→ **GIVEN DATA**:
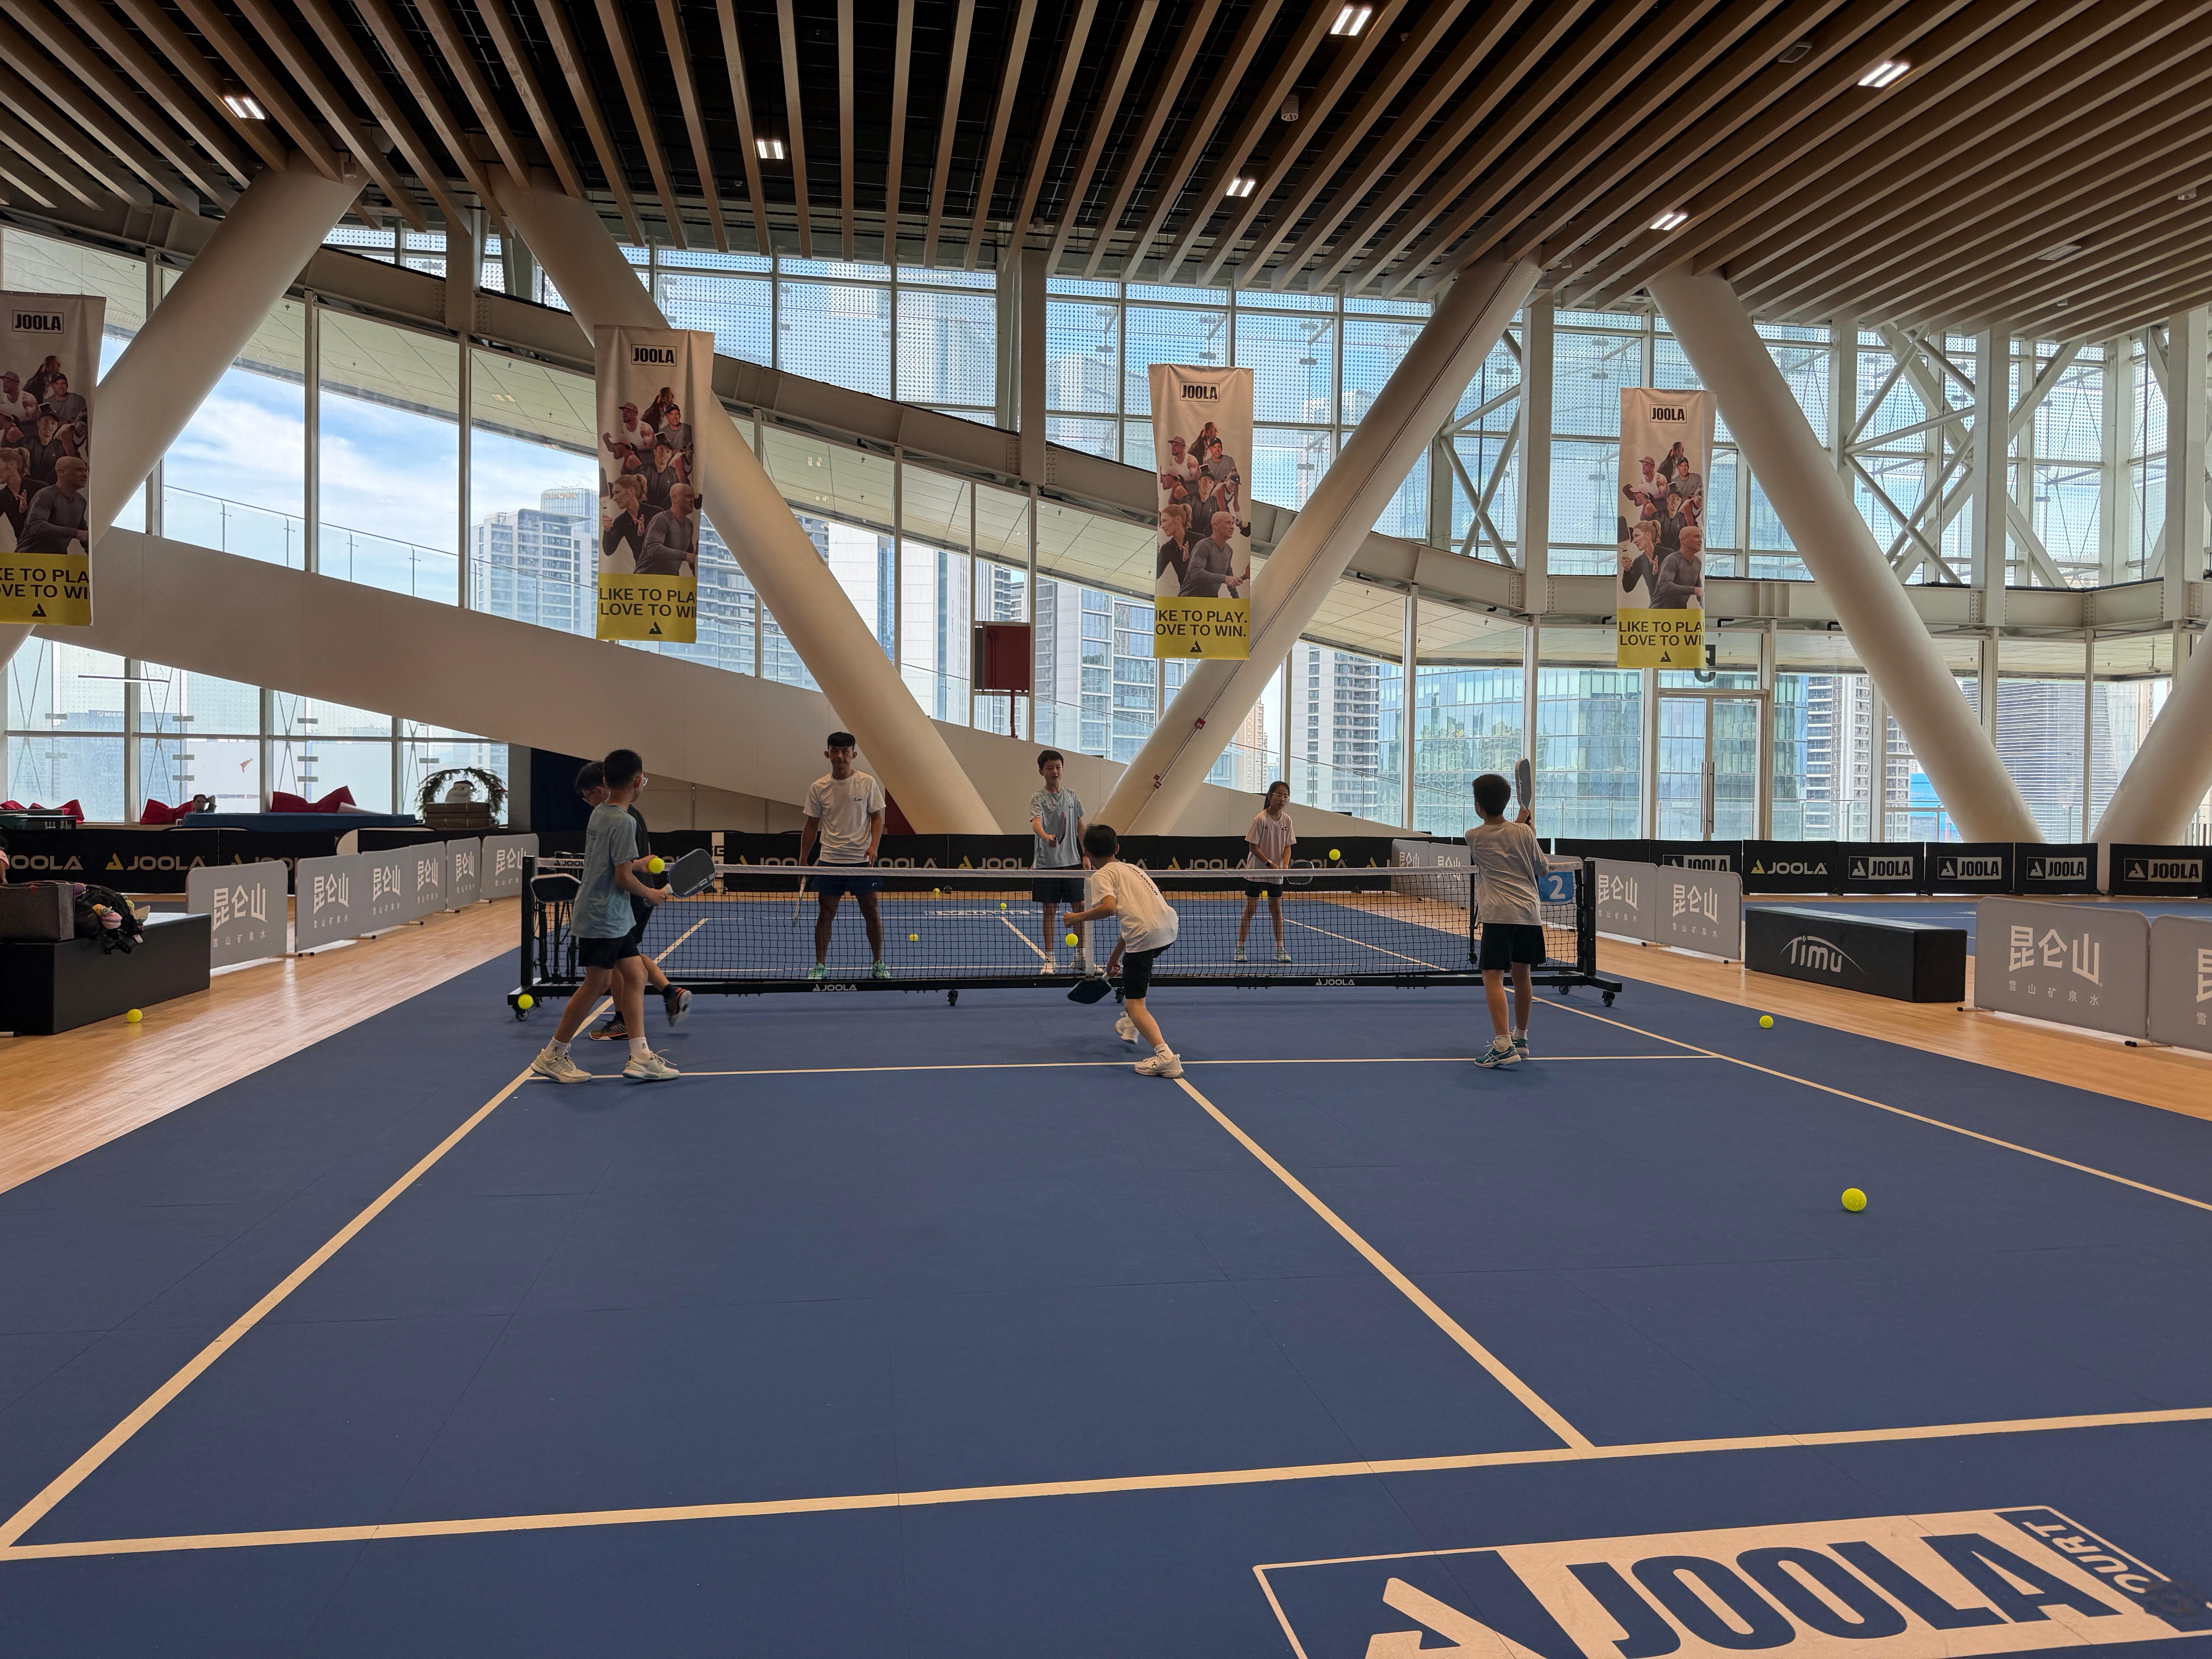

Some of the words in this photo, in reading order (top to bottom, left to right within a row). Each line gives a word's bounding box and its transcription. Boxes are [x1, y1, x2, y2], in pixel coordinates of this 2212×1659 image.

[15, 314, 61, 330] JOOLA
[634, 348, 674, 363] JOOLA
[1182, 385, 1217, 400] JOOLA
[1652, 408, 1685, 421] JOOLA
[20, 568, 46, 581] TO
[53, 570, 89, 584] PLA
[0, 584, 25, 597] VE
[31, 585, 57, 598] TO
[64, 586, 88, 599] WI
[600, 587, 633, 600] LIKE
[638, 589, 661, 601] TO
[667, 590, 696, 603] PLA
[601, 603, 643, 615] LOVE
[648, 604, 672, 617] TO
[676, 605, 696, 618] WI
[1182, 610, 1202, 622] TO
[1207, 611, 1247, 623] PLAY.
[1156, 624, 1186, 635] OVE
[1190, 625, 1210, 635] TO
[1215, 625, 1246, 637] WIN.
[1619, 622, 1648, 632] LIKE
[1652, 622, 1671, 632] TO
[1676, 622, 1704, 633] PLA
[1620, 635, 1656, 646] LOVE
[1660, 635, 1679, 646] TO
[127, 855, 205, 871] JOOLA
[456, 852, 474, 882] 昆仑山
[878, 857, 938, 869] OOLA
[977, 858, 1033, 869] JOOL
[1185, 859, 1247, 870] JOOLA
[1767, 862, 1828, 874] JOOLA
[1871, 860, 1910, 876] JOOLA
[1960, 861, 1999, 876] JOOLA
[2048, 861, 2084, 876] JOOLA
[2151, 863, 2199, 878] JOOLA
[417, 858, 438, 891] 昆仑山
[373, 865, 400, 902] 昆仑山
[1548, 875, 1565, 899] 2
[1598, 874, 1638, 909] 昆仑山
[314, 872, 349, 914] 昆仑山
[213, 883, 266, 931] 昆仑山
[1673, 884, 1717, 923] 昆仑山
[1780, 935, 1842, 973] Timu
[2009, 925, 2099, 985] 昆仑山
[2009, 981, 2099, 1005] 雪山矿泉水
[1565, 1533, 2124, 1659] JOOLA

→ **YOUR ASSIGNMENT**: What is needed is an exact copy of every entry, with the pictures removed.

→ **ANSWER TO THE EXERCISE**:
Some of the words in this photo, in reading order (top to bottom, left to right within a row). Each line gives a word's bounding box and its transcription. Boxes are [x1, y1, x2, y2], in pixel coordinates of this 2212×1659 image.

[15, 314, 61, 330] JOOLA
[634, 348, 674, 363] JOOLA
[1182, 385, 1217, 400] JOOLA
[1652, 408, 1685, 421] JOOLA
[20, 568, 46, 581] TO
[53, 570, 89, 584] PLA
[0, 584, 25, 597] VE
[31, 585, 57, 598] TO
[64, 586, 88, 599] WI
[600, 587, 633, 600] LIKE
[638, 589, 661, 601] TO
[667, 590, 696, 603] PLA
[601, 603, 643, 615] LOVE
[648, 604, 672, 617] TO
[676, 605, 696, 618] WI
[1182, 610, 1202, 622] TO
[1207, 611, 1247, 623] PLAY.
[1156, 624, 1186, 635] OVE
[1190, 625, 1210, 635] TO
[1215, 625, 1246, 637] WIN.
[1619, 622, 1648, 632] LIKE
[1652, 622, 1671, 632] TO
[1676, 622, 1704, 633] PLA
[1620, 635, 1656, 646] LOVE
[1660, 635, 1679, 646] TO
[127, 855, 205, 871] JOOLA
[456, 852, 474, 882] 昆仑山
[878, 857, 938, 869] OOLA
[977, 858, 1033, 869] JOOL
[1185, 859, 1247, 870] JOOLA
[1767, 862, 1828, 874] JOOLA
[1871, 860, 1910, 876] JOOLA
[1960, 861, 1999, 876] JOOLA
[2048, 861, 2084, 876] JOOLA
[2151, 863, 2199, 878] JOOLA
[417, 858, 438, 891] 昆仑山
[373, 865, 400, 902] 昆仑山
[1548, 875, 1565, 899] 2
[1598, 874, 1638, 909] 昆仑山
[314, 872, 349, 914] 昆仑山
[213, 883, 266, 931] 昆仑山
[1673, 884, 1717, 923] 昆仑山
[1780, 935, 1842, 973] Timu
[2009, 925, 2099, 985] 昆仑山
[2009, 981, 2099, 1005] 雪山矿泉水
[1565, 1533, 2124, 1659] JOOLA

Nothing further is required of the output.